Shelter access

Best Friends offers a position in response to New York legislation inquiries, related to shelter access for rescue groups.
By Best Friends Animal Society
Best Friends Animal Society has released the following statement in response to inquiries about the Kellner/Duane bill, New York State S6412/A9449. The bill is being reviewed by the Agriculture Committee of the New York State Assembly. While we hope to see some needed revisions to the bill as it goes through the legislative process, the following represents Best Friends’ position on legislation related to issues of shelter access.

Best Friends Animal Society believes that all homeless pets are a community responsibility. We support legislation that facilitates cooperation between animal shelters and rescue organizations, as broad shelter access is critical to any viable No More Homeless Pets community strategy.

Established rescue organizations should be enabled and encouraged to take animals (who would otherwise fail to thrive) for evaluation, rehabilitation, and placement, and potentially even euthanization, in a shelter setting.

Placing a stray or surrendered animal beyond the reach of community rescue and rehabilitation is simply an extension of the outdated notion that animals are property. Though it may be the law, this archaic philosophy is inconsistent with the core values of our No More Homeless Pets® movement.
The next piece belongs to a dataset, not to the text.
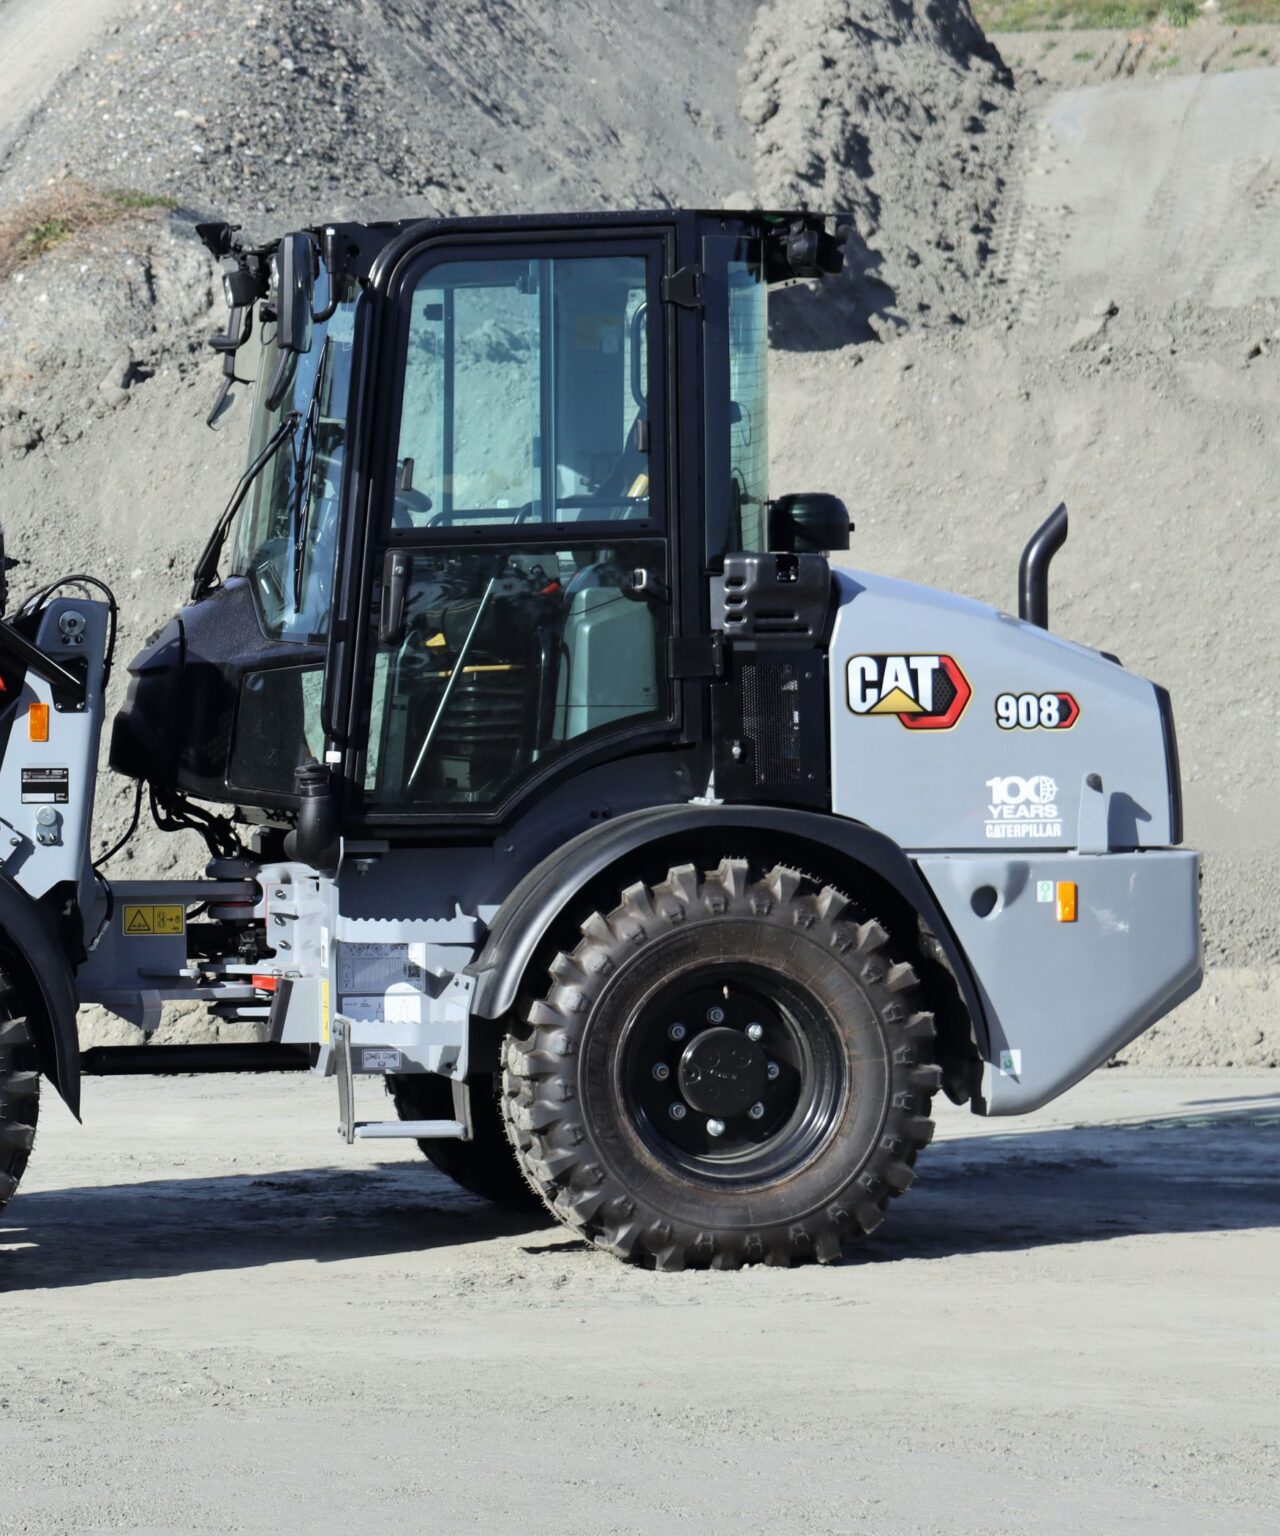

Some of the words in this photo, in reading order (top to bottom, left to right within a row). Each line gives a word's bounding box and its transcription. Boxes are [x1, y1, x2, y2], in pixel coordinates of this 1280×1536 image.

Best Friends believes that no single shelter should be allowed to override community responsibility by denying shelter access to an established rescue organization without some valid reason. That reason should be based on prior performance of the rescue organization and judged by agreed-upon criteria.

Best Friends understands that municipal animal care agencies are responsible for public health and safety. However, we do not believe that any behavioral evaluation protocol, especially those employed in a shelter setting, can be the sole basis for labeling a dog "dangerous," which would result in the refusal to release a dog or cat to an established rescue organization. Dangerous dog designations should be limited to well-defined criteria based on a documented bite history and/or other objective community standards.

Consistent with our belief that trap/neuter/return is the only acceptable management policy for community cats, Best Friends believes that no feline — friendly or feral — should be subjected to a behavioral evaluation prior to being released to an established rescue organization.

Regarding liability, Best Friends further believes that established rescue organizations willing to take these animals should assume any and all liability.

Best Friends has supported and will continue to support legislation consistent with these principles.